Hi, thanks for the website. It’s really helpful. I was diagnosed with Borderline Personality Disorder and as such I find it really hard to interact with people. I’ve started a new job and the social interaction with my new colleagues has been excruciating due to anxiety. But this website has given me so much insight into what i’m doing wrong that now I can start doing it right. Thank you so much
Thanks! I’m glad I could help 🙂
Being successfully social looks like an enormous challenge. By myself, I overcame love addiction, depression, and shyness. But it seems you can not overcome a lack of social skills by yourself. I can not believe a friend would ask for my help. I plan to study reality TV, try to help people, and continue with “Meet up” groups. I do not expect to go far but I will keep trying. It may be almost impossible to win, but it IS impossible to give up.
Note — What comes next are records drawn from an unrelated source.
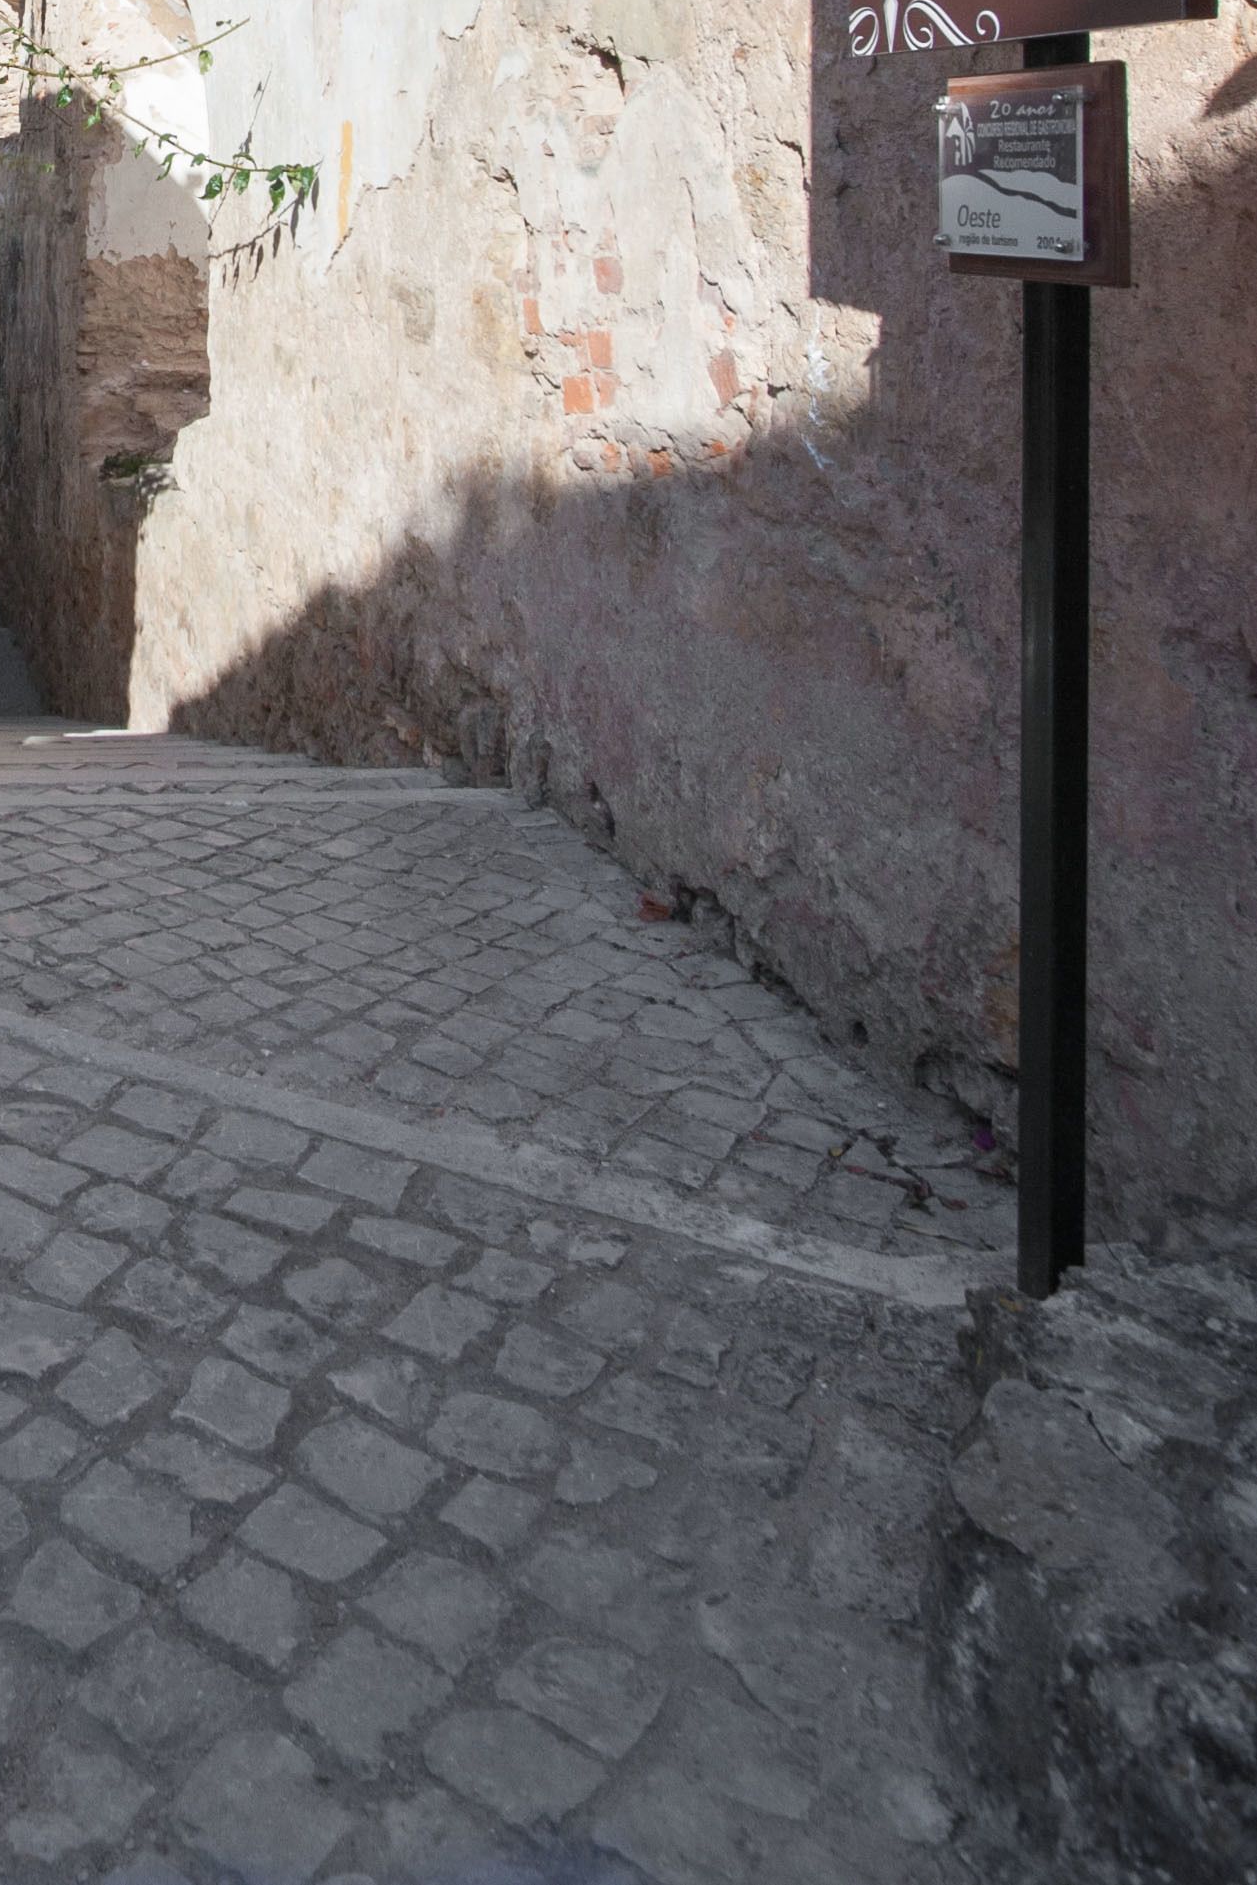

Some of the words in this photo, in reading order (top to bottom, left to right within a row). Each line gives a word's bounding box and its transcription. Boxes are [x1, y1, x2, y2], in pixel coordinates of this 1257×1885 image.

[989, 99, 1012, 119] 20
[1015, 103, 1056, 117] anos
[998, 139, 1052, 153] Restaurante
[993, 155, 1056, 169] Recomendado
[957, 204, 1002, 229] Oeste
I relate to what people are saying I am a baby boomer I have always had a hard time making friends because my mom was verbally abusive to me and I was bullied a lot as a child I have a lot of aquaintances , am friendly to others , I have a husband and daughter , who both have friends they go out with , I guess I meet people who are clicky , I work long term as a case worker soc worker, I get along with others , but i dont quite connect with others beyond this for some reason . .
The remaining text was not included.